"The practice reached its zenith during World War 2, when the availability of man-portable radio systems and sophisticated relay networks allowed forward observers to transmit targeting information and provide almost instant accuracy reports—once troops had landed. Battleships, cruisers and destroyers would pound shore installations, sometimes for days, in the hope of reducing fortifications and attriting defending forces. Obsolete battleships unfit for combat against other ships were often used as floating gun platforms expressly for this purpose. However, given the relatively primitive nature of the fire control computers and radar of the era combined with the high velocity of naval gunfire, accuracy was poor until troops landed and were able to radio back reports to the ship.

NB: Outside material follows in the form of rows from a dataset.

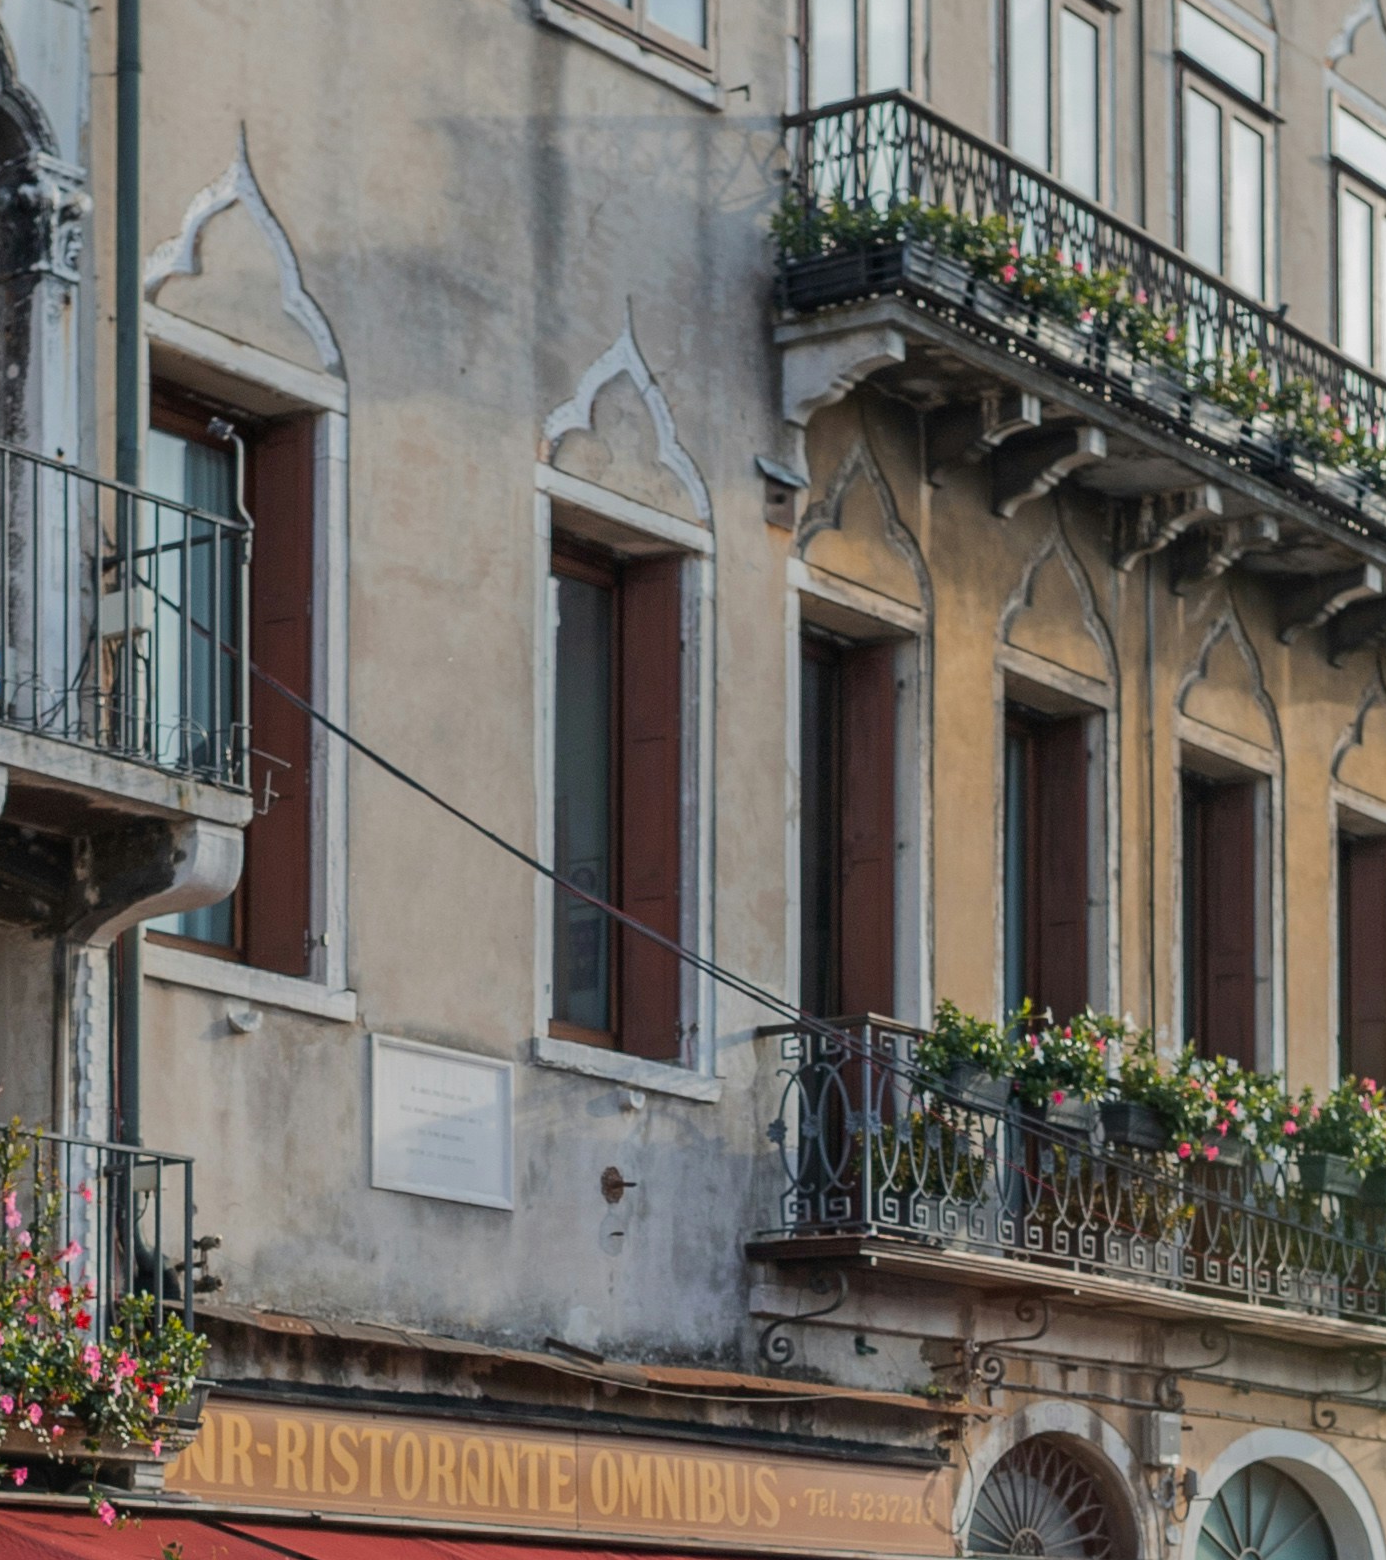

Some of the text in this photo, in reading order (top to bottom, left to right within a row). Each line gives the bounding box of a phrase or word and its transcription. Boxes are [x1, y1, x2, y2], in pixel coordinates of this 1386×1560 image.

[164, 1410, 578, 1516] AR-RISTORANTE
[591, 1449, 782, 1529] OMNIBUS
[804, 1488, 844, 1518] Tel.
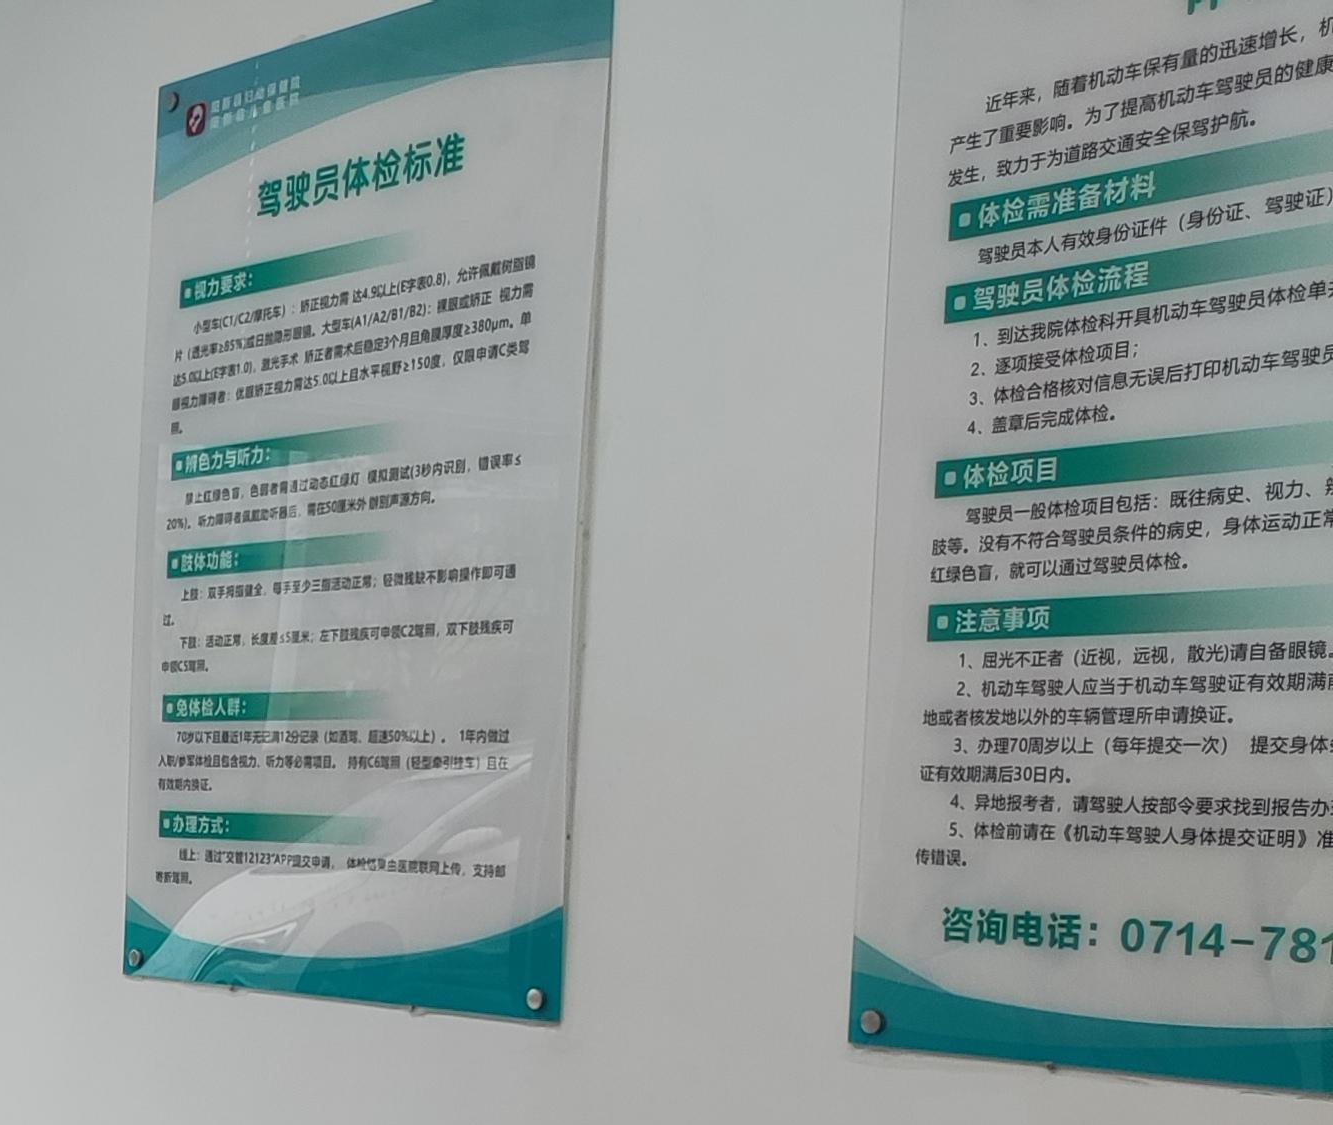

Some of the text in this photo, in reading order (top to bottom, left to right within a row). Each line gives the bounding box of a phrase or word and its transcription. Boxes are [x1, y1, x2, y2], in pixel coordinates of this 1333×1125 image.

[948, 109, 1256, 188] 发生，致力于为道路交通安全保驾护航。
[257, 132, 465, 217] 驾驶员体检标准
[978, 170, 1156, 230] 体检需准备材料
[194, 271, 253, 300] 视力要求：
[973, 260, 1149, 311] 驾驶员体检流程
[974, 279, 1333, 347] 1、到达我院体检科开具机动车驾驶员体检单
[967, 403, 1115, 435] 4、盖章后完成体检。
[185, 445, 270, 473] 辨色力与听力：
[963, 456, 1058, 489] 体检项目
[181, 550, 239, 573] 肢体功能：
[930, 552, 1188, 583] 红绿色盲，就可以通过驾驶员体检。
[955, 606, 1050, 634] 注意事项
[957, 671, 1333, 698] 2、机动车驾驶人应当于机动车驾驶证有效期满
[176, 697, 247, 718] 免体检人群：
[922, 705, 1234, 727] 地或者核发地以外的车辆管理所申请换证。
[920, 765, 1071, 784] 证有效期满后30日内。
[950, 793, 1333, 817] 4、异地报考者，请驾驶人按部令要求找到报告办
[172, 815, 230, 834] 办理方式：
[915, 849, 967, 867] 传错误。
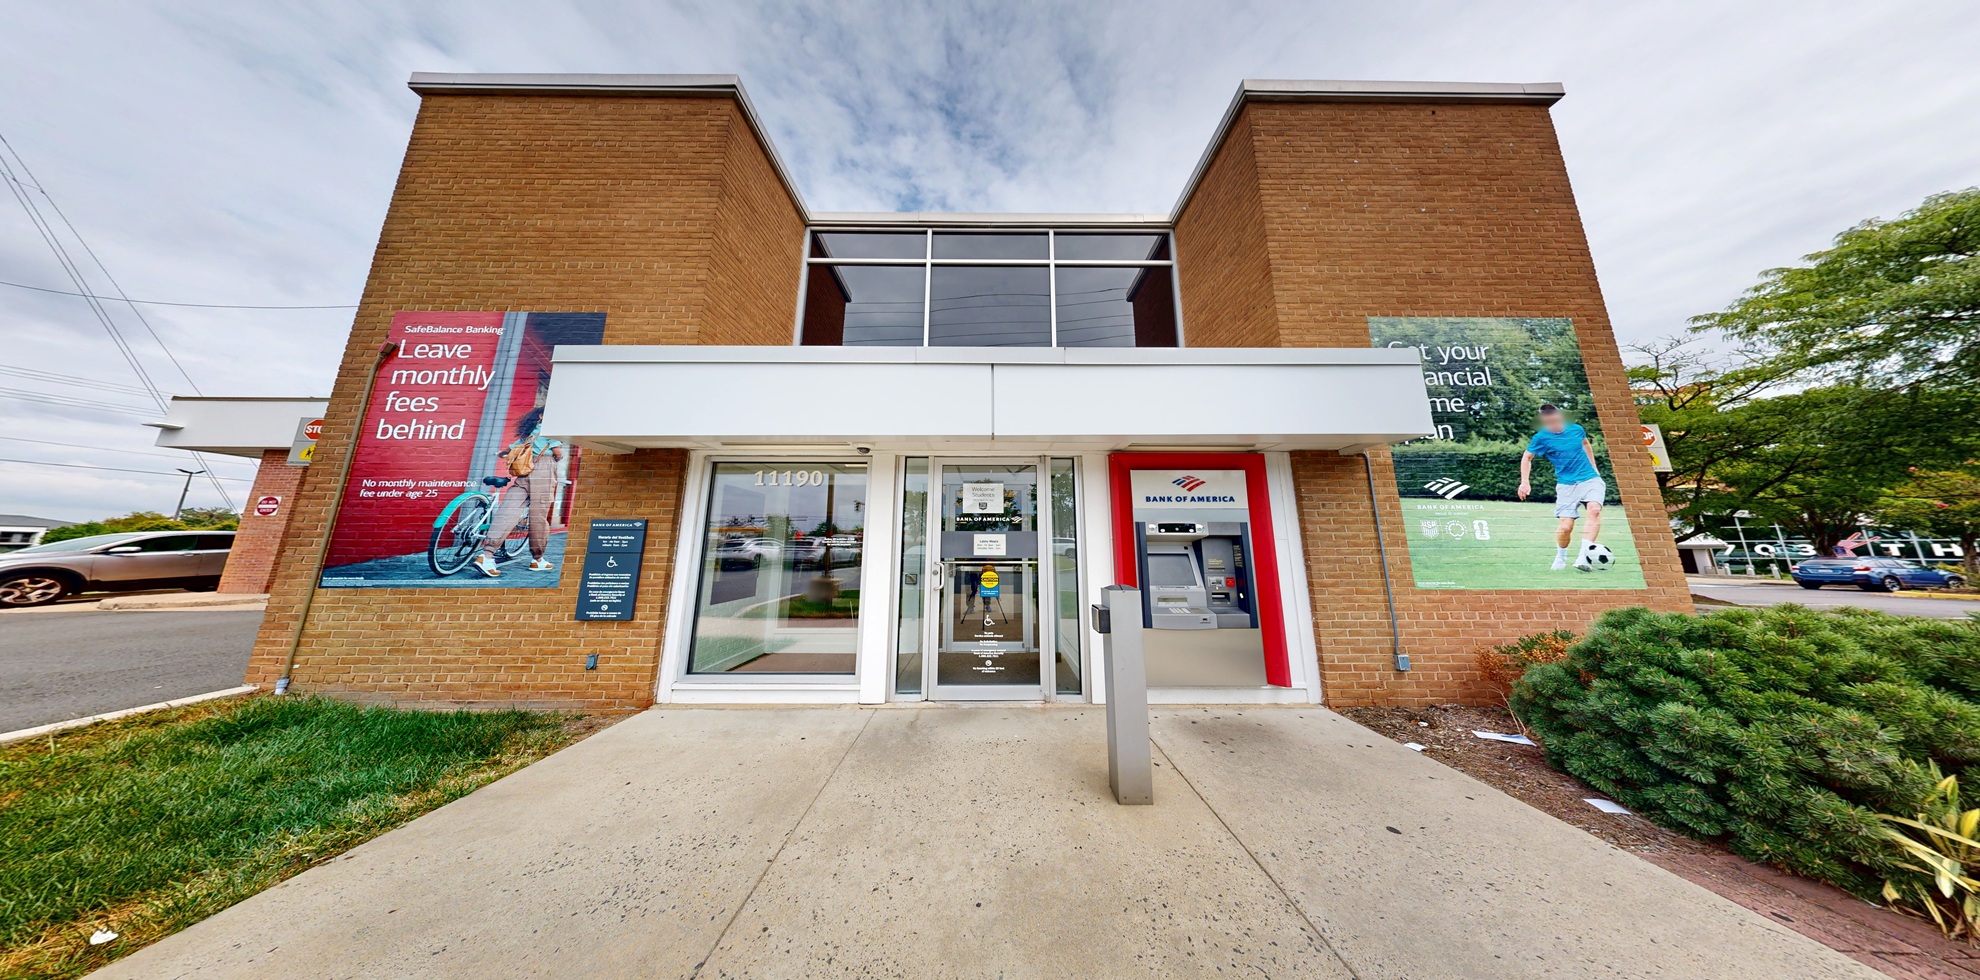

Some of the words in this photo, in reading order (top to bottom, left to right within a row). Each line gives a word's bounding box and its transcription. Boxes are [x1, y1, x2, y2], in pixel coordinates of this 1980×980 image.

[404, 325, 463, 334] SafeBalance
[465, 325, 503, 336] Banking
[397, 339, 472, 359] Leave
[1437, 345, 1489, 365] your
[390, 365, 496, 391] monthly
[1424, 366, 1492, 385] ancial
[385, 391, 439, 412] fees
[1428, 397, 1465, 413] me
[376, 418, 466, 440] behind
[362, 479, 377, 488] No
[378, 479, 417, 490] monthly
[418, 480, 477, 488] maintenance
[754, 470, 823, 487] 11190
[359, 489, 376, 498] fee
[377, 490, 404, 498] under
[405, 491, 424, 500] age
[425, 489, 439, 498] 25
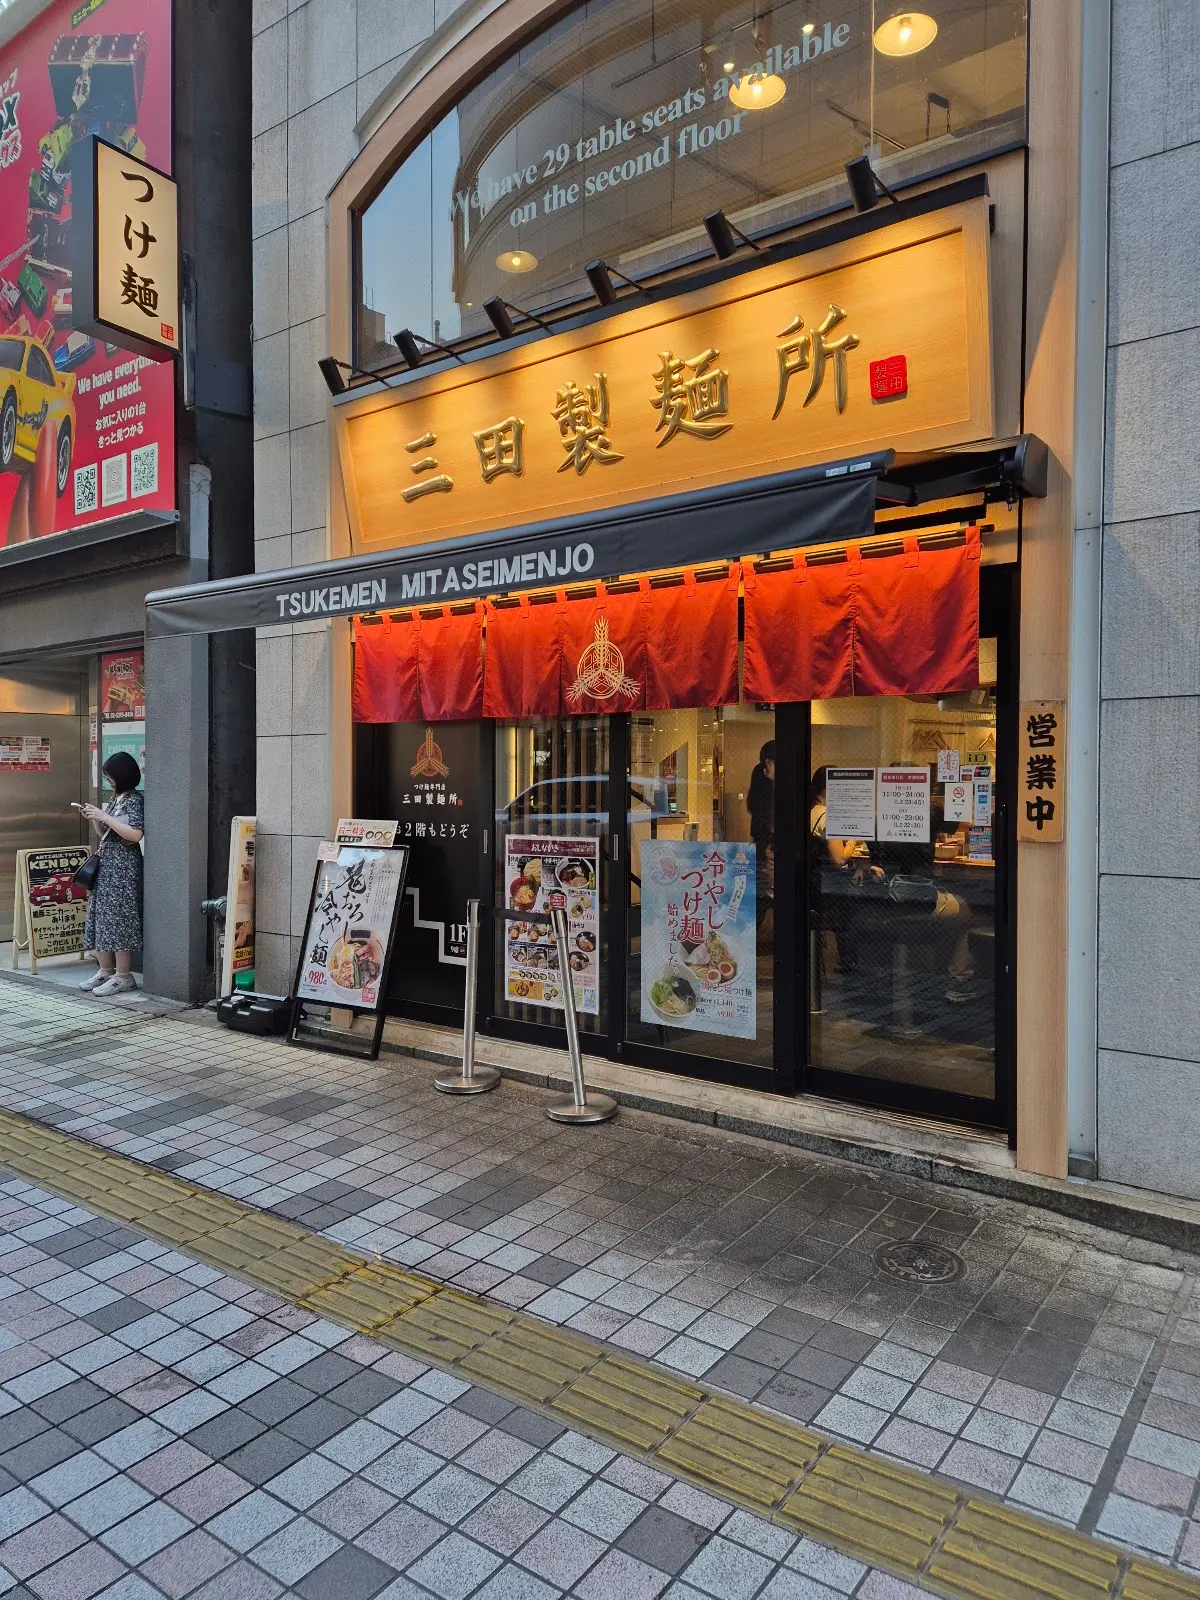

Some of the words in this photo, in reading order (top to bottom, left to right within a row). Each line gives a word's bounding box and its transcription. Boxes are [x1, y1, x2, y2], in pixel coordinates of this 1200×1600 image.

The solution was to engage in longer bombardment periods—up to two weeks, in some cases—saturating target areas with fire until a lucky few shells had destroyed the intended targets. This alerted an enemy that he was about to be attacked. In the Pacific War this mattered less, as the defenders were usually expecting their island strongholds to be invaded at some point and had already committed whatever combat resources were available. Bombardment periods were usually shorter in the European theatre, where surprise was more often valued, reinforcement far more likely, and ships' guns were responding to the movements of mobile defenders, not whittling away at static fortifications.
Naval gunfire could reach as far as 20 miles (32 km) inland, and was often used to supplement land-based artillery. The heavy-calibre guns of some eighteen battleships and cruisers were used to stop German Panzer counterattack at Salerno. Naval gunfire was used extensively throughout Normandy, although initially the surprise nature of the landings themselves precluded a drawn-out bombardment which could have reduced the Atlantic Wall defences sufficiently, a process that fell to specialist armoured vehicles instead.
Naval gunfire was also useful in a defensive capacity. Older ships were occasionally beached to provide a coastal defence platform, and during the Battle of France the British discovered effective anti-tank artillery in the form of the four-inch (102 mm) guns from destroyers tied up at the quays of Boulogne."